『リブート』永瀬廉が冬橋を演じる大きな意味 制作陣が心がけた“同時代性”とは?

新章に入り、怒涛の展開を見せる日曜劇場『リブート』(TBS系)。第7話では、マチ(上野鈴華)の死が描かれ、早瀬(鈴木亮平)が冬橋(永瀬廉)とともに一香(戸田恵梨香)の行方を追う。
脚本を担当する黒岩勉は、今作について3年越しの構想だったと明かす。「打ち合わせから含めると3年くらいかかっていると思います。全体構成はある程度決めていましたけど、役者さんが(鈴木)亮平さんと戸田恵梨香さんに決まってからは早かったですね」。
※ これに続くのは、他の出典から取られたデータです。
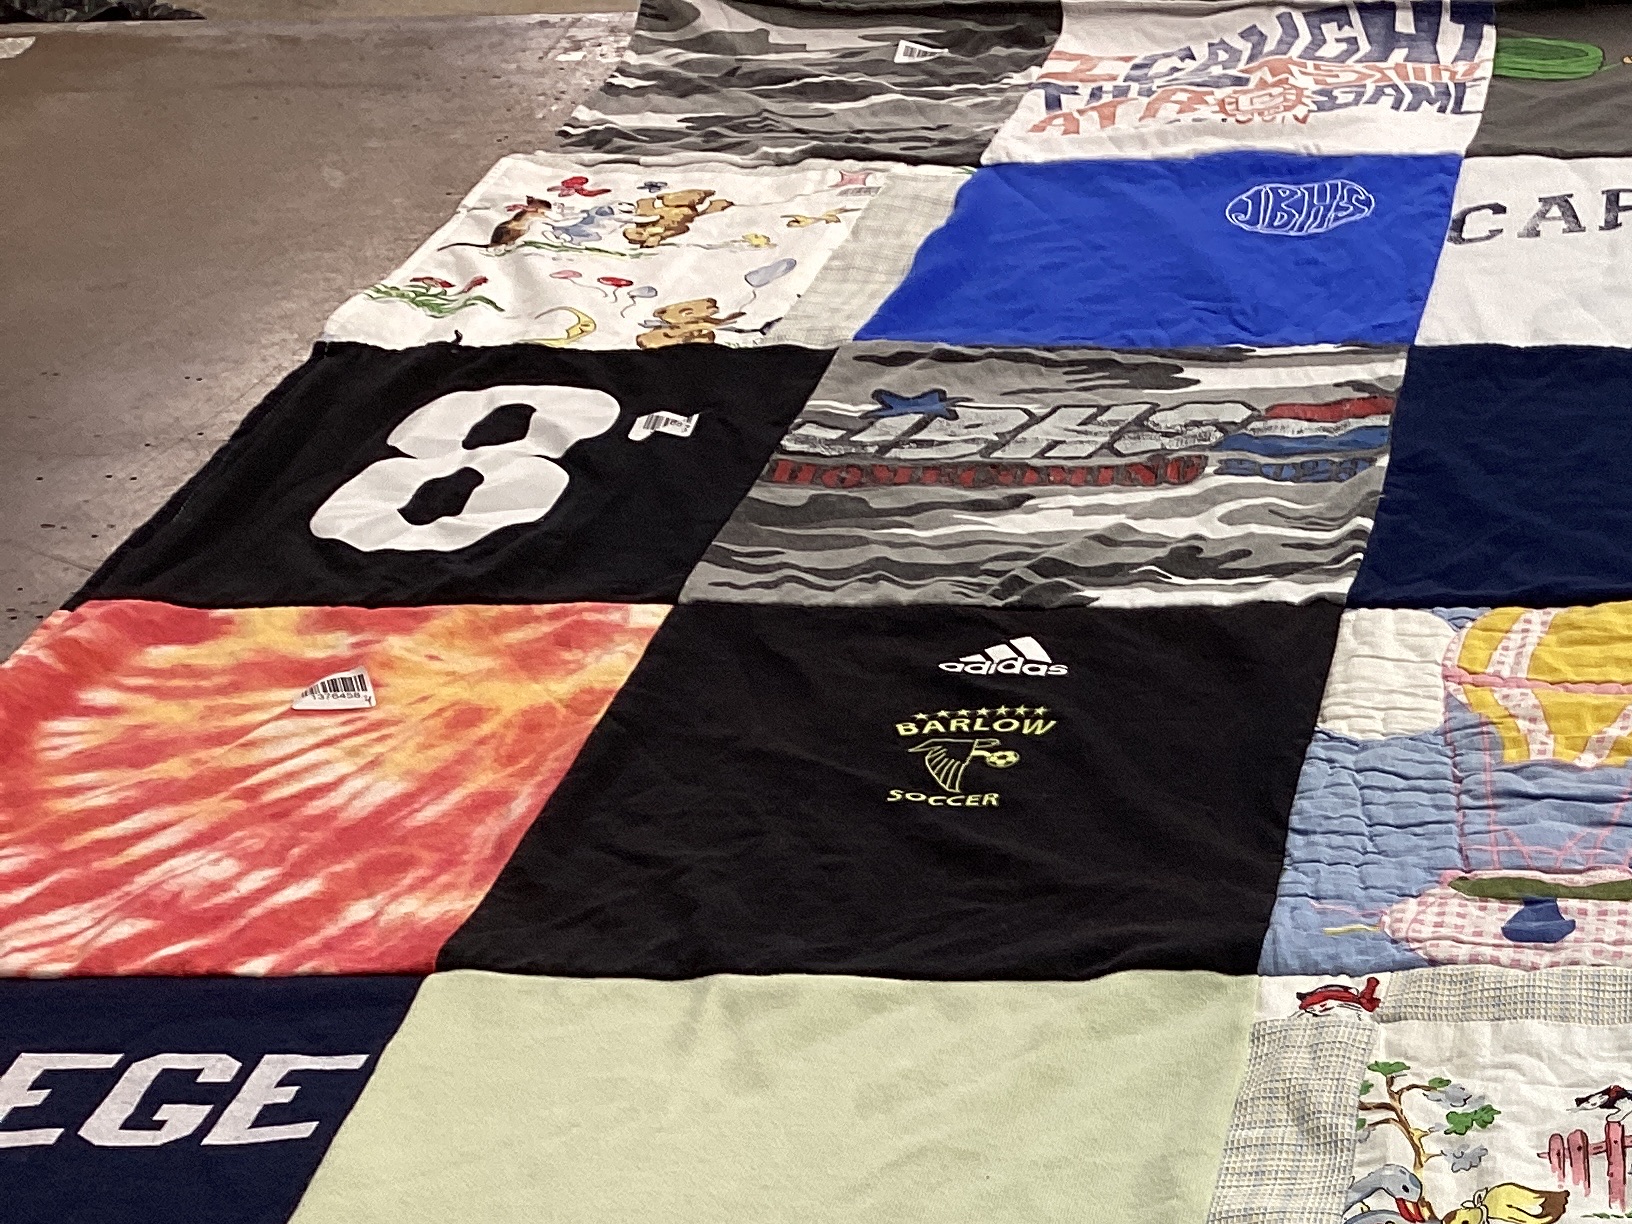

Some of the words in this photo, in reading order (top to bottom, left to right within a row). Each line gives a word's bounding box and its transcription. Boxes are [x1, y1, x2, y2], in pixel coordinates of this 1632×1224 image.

東仲恵吾プロデューサーも「打ち合わせでは、監督陣やプロデューサー、APも含めて読ませていただき、フィードバックさせてもらっています」と言い、綿密なキャッチボールを経て台本ができ上がった。
「正義と悪」の境界線で揺れ動くキャラクターたち

『リブート』の登場人物について、黒岩は「いまの世の中は、どっちが正義でどっちが悪か曖昧な世界になっていますよね、と東仲さんと話していて。今作では、悪い人も含めて全員に信念があるんです。それは自分の中の正義なんですけど、観る人の視点によって正義と悪は変わってしまうことを描きたかったんです。その中で、それぞれが信念を持っていることがわかる人物像にしました」とキャラクターに込めた意図を解説した。
その中で彼が特に気に入っているのは冬橋だ。「冬橋なんかは面白いですよね。彼はトー横の世界観をリサーチする中で生まれたキャラクターです。法律上はワルなんだけど、見方によっては正義でもあったりするという、グレーのところで生きている象徴的な存在」と分析。東仲も「冬橋の正義みたいなことで言うと、やっぱり彼自身はNPO法人『しぇるたー』のメンバーで、身寄りがなくて行き場を失った子どもたちを守っている。そのためにお金が必要なんです」と補足した。
さらに東仲は「いまってお金で大変な人が多いじゃないですか。その中で、稼ぐために身を粉にしているのが冬橋だと思うんです。一方で正義感もあって、自分がやっていることをいいことだとは思っていないんですよ。早瀬みたいに、家族のために命を捧げる主人公と接することで、現実と理想の狭間で冬橋の心が揺れ動きます。冬橋自身が最後にどういう結論を出すかが、今後の大きな見どころになります」と注目ポイントを挙げた。